**Work to complete**
Aside from the pictures, the entries should be given again exactly.

[Referring expression grounding data]
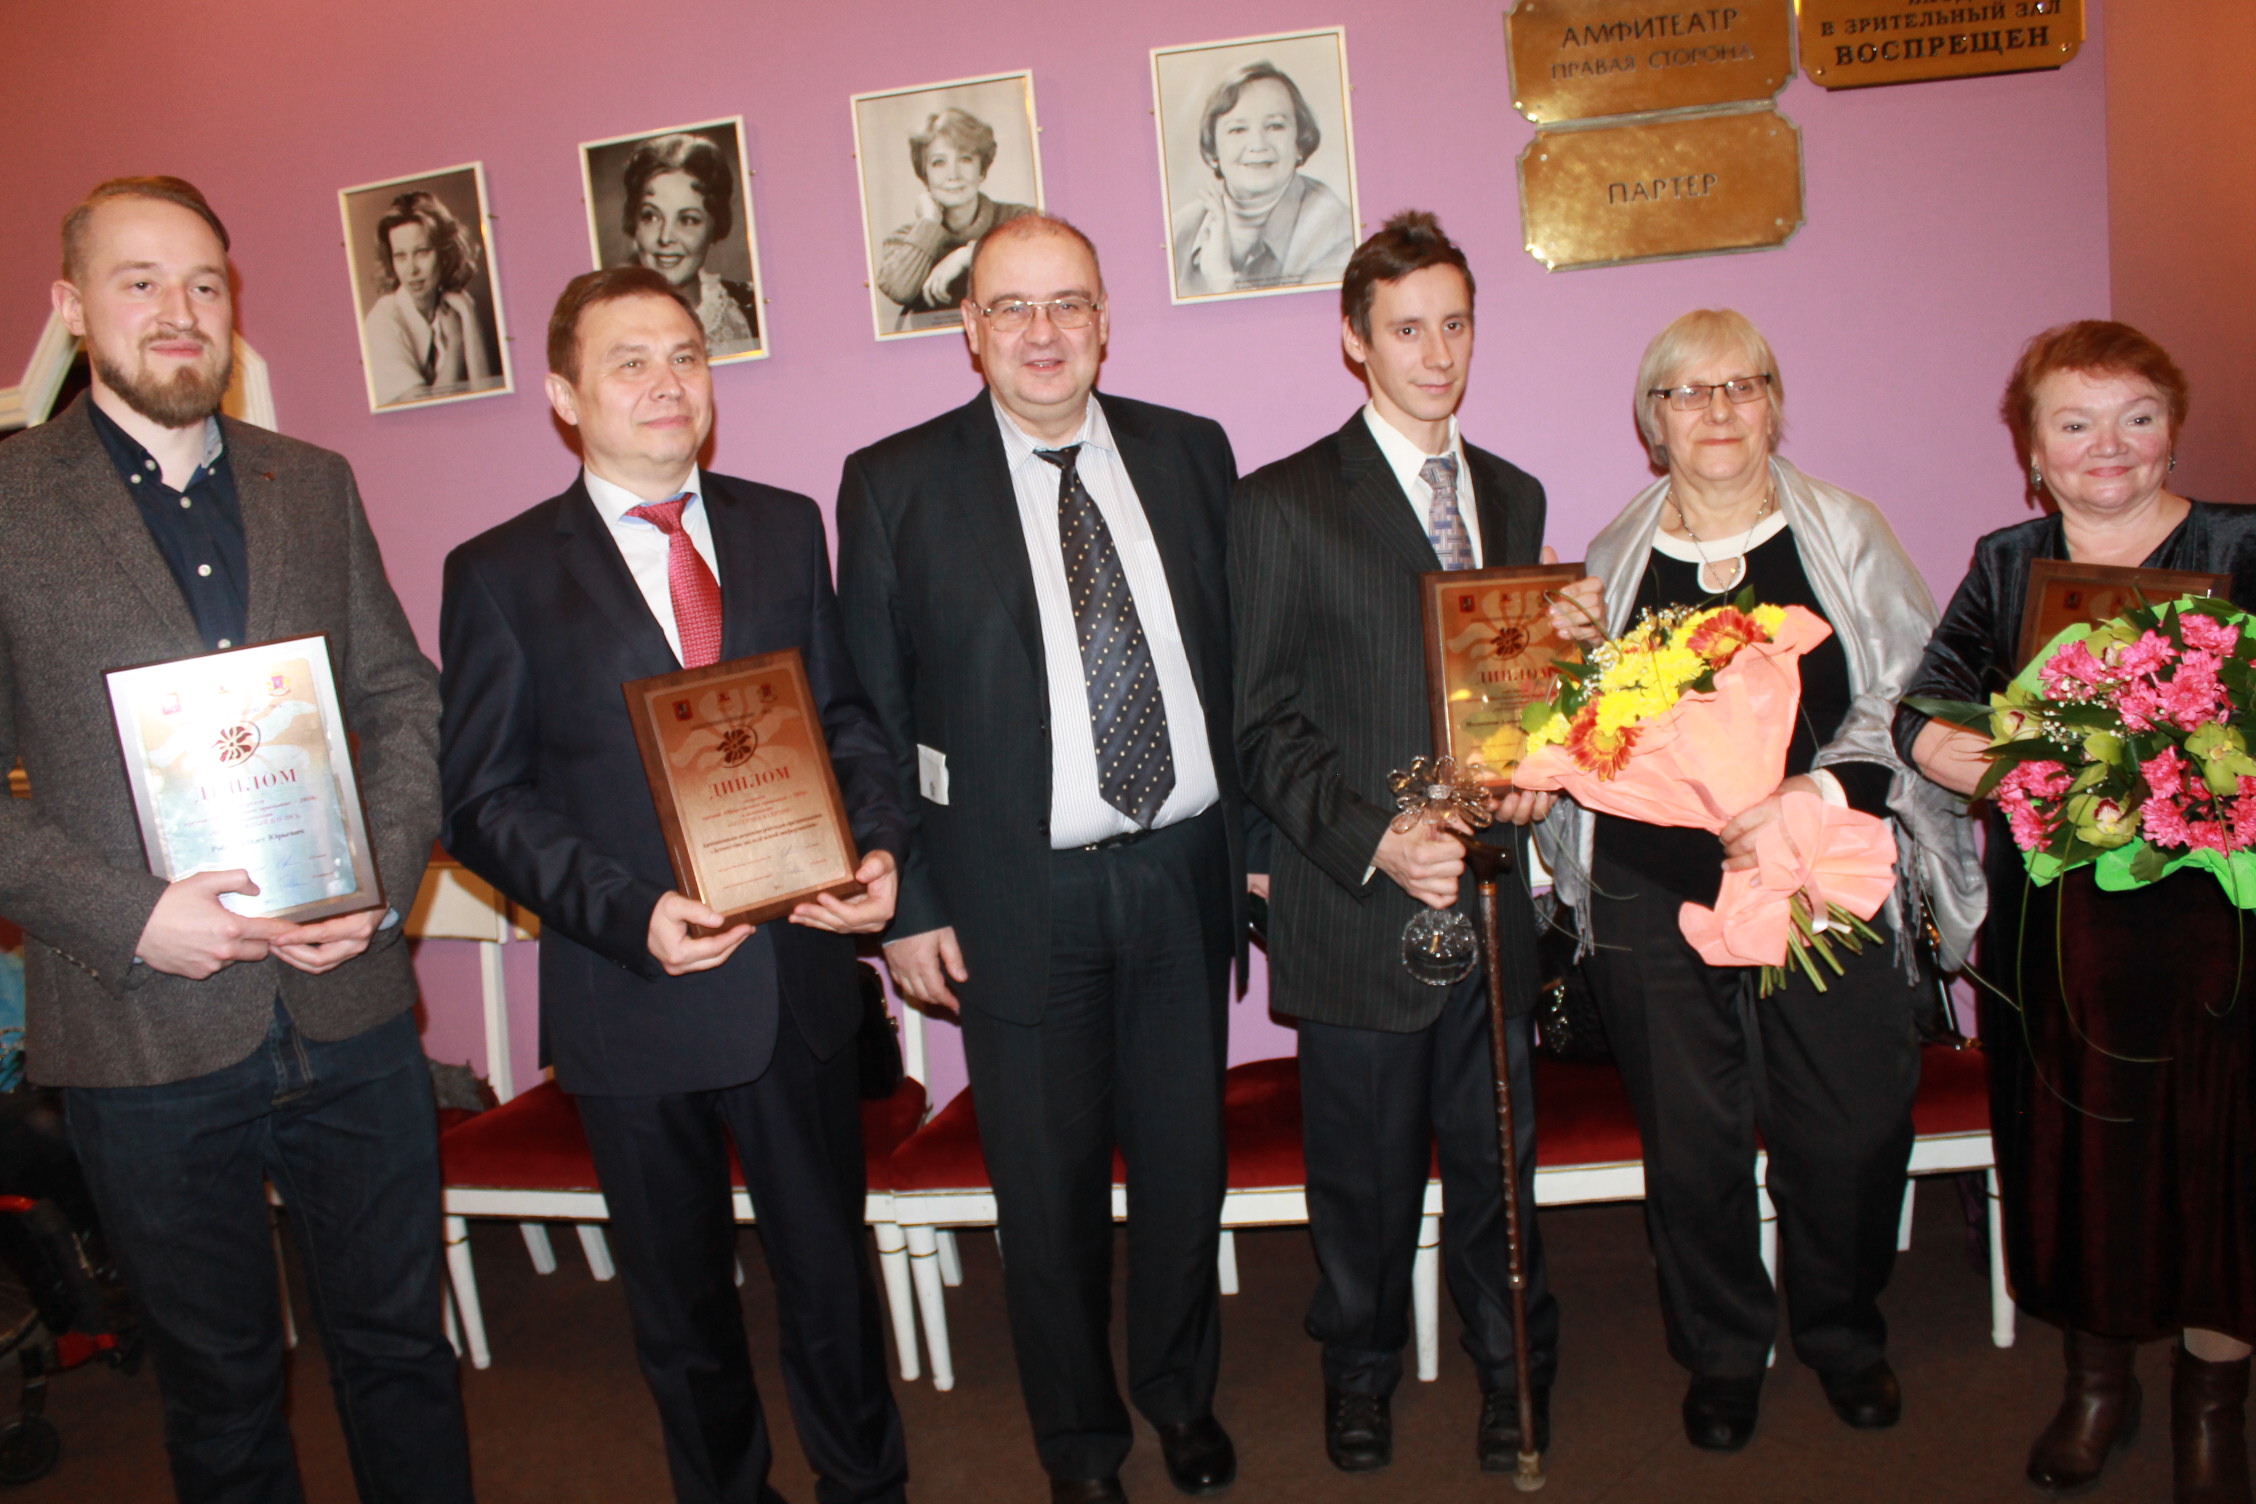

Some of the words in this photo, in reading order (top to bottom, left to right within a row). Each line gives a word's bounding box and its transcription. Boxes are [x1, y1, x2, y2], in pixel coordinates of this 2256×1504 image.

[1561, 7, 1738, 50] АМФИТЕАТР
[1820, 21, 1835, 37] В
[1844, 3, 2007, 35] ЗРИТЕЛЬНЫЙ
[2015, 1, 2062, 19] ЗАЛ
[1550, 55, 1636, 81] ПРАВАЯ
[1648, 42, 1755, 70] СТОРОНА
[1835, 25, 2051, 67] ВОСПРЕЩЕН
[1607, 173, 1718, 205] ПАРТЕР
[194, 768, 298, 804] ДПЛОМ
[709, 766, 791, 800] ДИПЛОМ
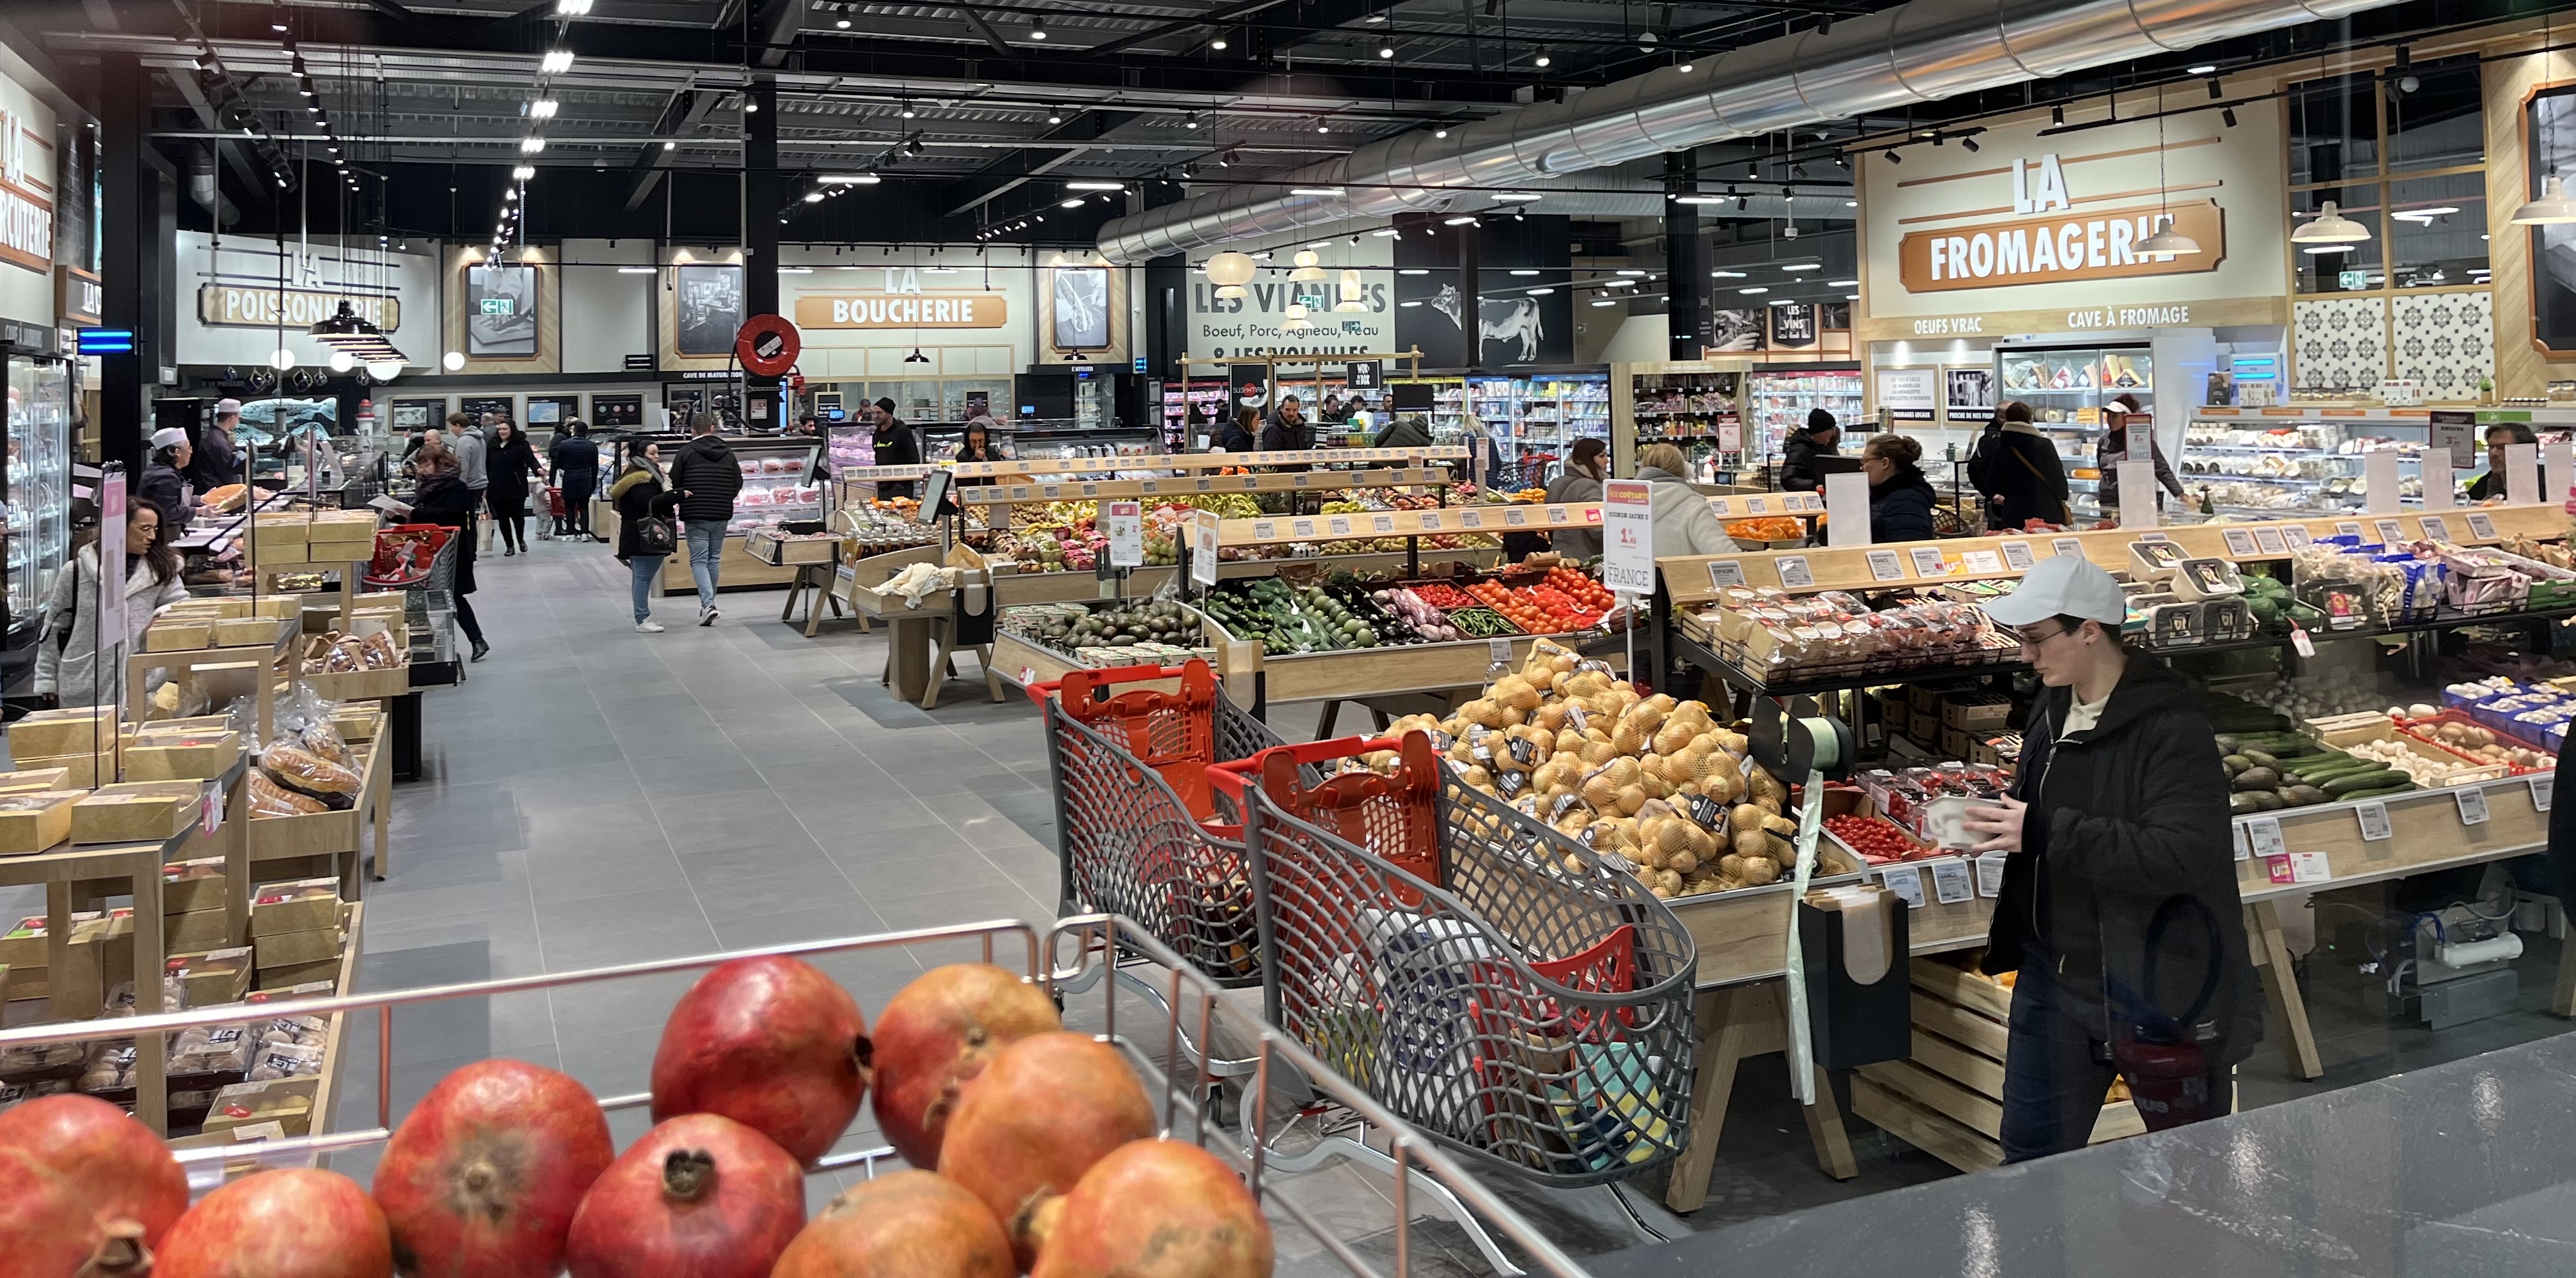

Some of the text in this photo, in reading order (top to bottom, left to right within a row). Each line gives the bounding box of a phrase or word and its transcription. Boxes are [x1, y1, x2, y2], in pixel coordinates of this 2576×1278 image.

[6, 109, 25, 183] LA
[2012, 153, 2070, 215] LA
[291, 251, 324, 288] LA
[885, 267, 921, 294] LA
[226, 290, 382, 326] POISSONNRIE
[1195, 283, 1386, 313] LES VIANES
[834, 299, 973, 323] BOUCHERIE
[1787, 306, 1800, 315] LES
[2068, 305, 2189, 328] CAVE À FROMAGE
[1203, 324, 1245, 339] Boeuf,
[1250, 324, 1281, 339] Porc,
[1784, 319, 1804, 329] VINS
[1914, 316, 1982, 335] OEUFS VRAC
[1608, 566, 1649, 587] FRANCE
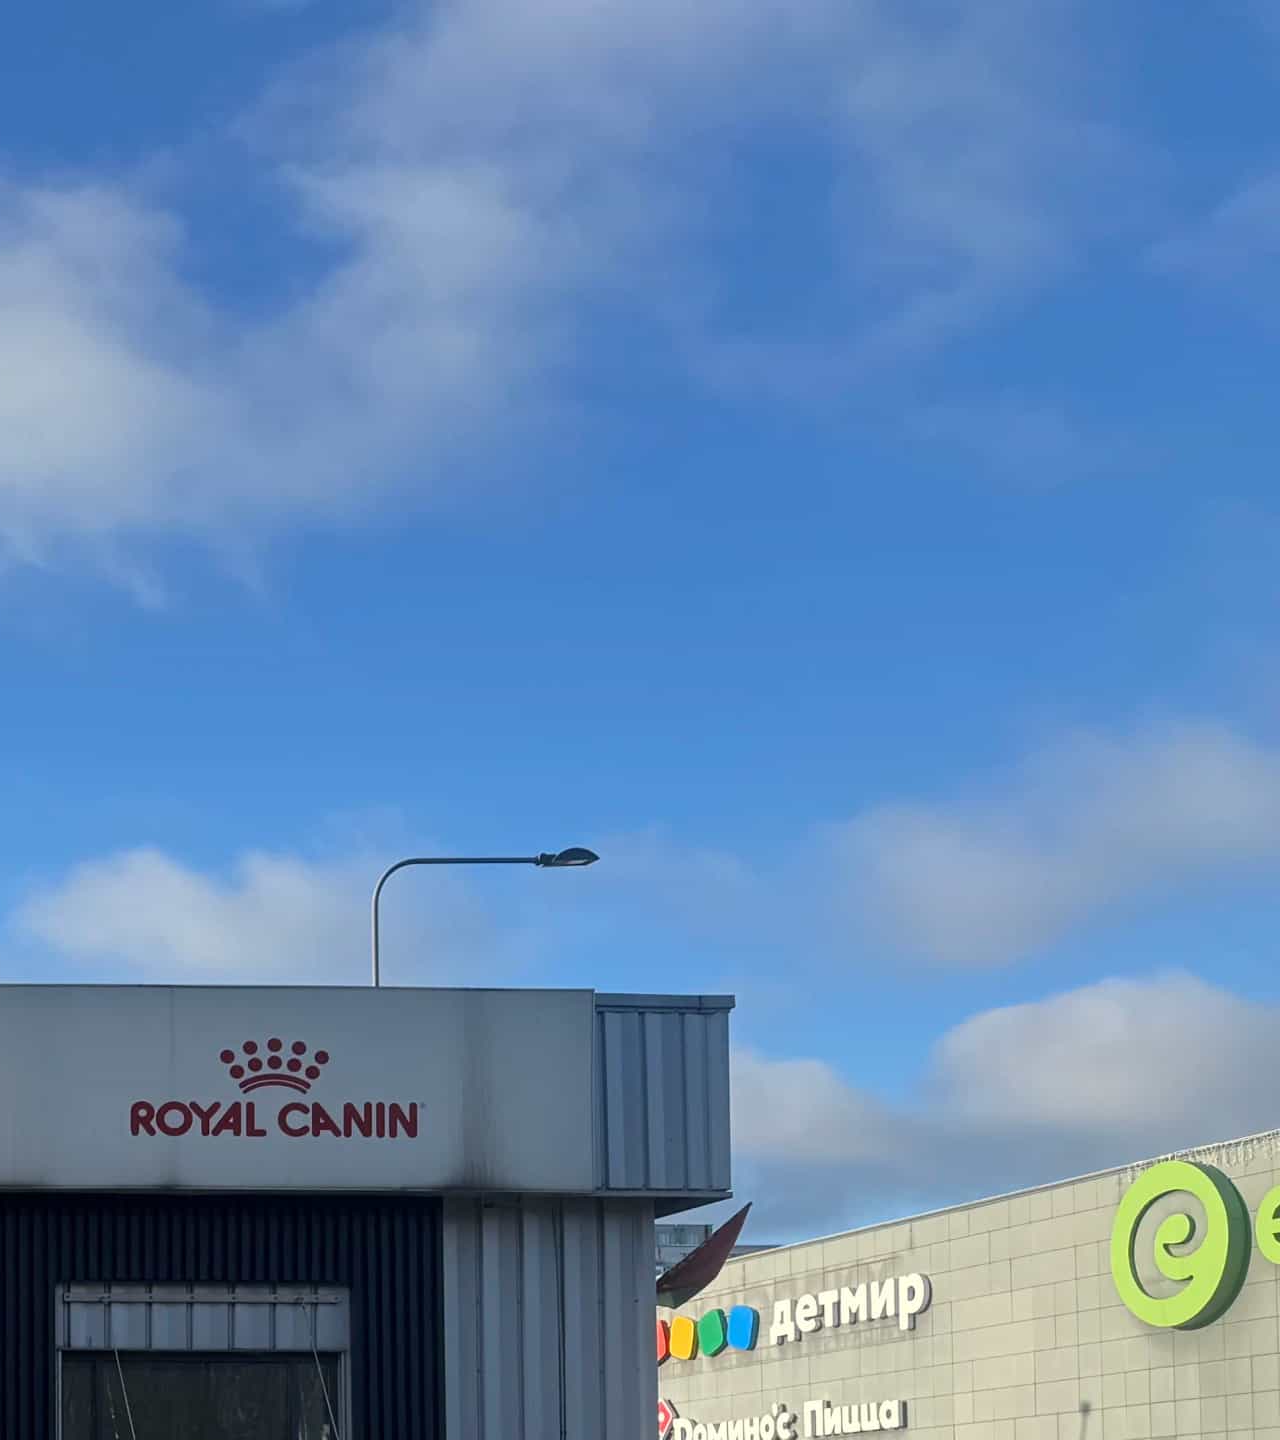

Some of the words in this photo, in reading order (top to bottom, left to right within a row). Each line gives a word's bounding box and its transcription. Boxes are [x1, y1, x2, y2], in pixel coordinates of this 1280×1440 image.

**Answer to this exercise**
Some of the words in this photo, in reading order (top to bottom, left to right within a row). Each line gives a word's bounding box and its transcription. Boxes are [x1, y1, x2, y2], in pixel coordinates of this 2256×1504 image.

[1561, 7, 1738, 50] АМФИТЕАТР
[1820, 21, 1835, 37] В
[1844, 3, 2007, 35] ЗРИТЕЛЬНЫЙ
[2015, 1, 2062, 19] ЗАЛ
[1550, 55, 1636, 81] ПРАВАЯ
[1648, 42, 1755, 70] СТОРОНА
[1835, 25, 2051, 67] ВОСПРЕЩЕН
[1607, 173, 1718, 205] ПАРТЕР
[194, 768, 298, 804] ДПЛОМ
[709, 766, 791, 800] ДИПЛОМ

Some of the text in this photo, in reading order (top to bottom, left to right within a row). Each line gives the bounding box of a phrase or word and its transcription. Boxes are [x1, y1, x2, y2], in pixel coordinates of this 2576×1278 image.

[6, 109, 25, 183] LA
[2012, 153, 2070, 215] LA
[291, 251, 324, 288] LA
[885, 267, 921, 294] LA
[226, 290, 382, 326] POISSONNRIE
[1195, 283, 1386, 313] LES VIANES
[834, 299, 973, 323] BOUCHERIE
[1787, 306, 1800, 315] LES
[2068, 305, 2189, 328] CAVE À FROMAGE
[1203, 324, 1245, 339] Boeuf,
[1250, 324, 1281, 339] Porc,
[1784, 319, 1804, 329] VINS
[1914, 316, 1982, 335] OEUFS VRAC
[1608, 566, 1649, 587] FRANCE

Some of the words in this photo, in reading order (top to bottom, left to right within a row). Each line gives a word's bounding box and its transcription. Boxes are [x1, y1, x2, y2], in pixel coordinates of this 1280×1440 image.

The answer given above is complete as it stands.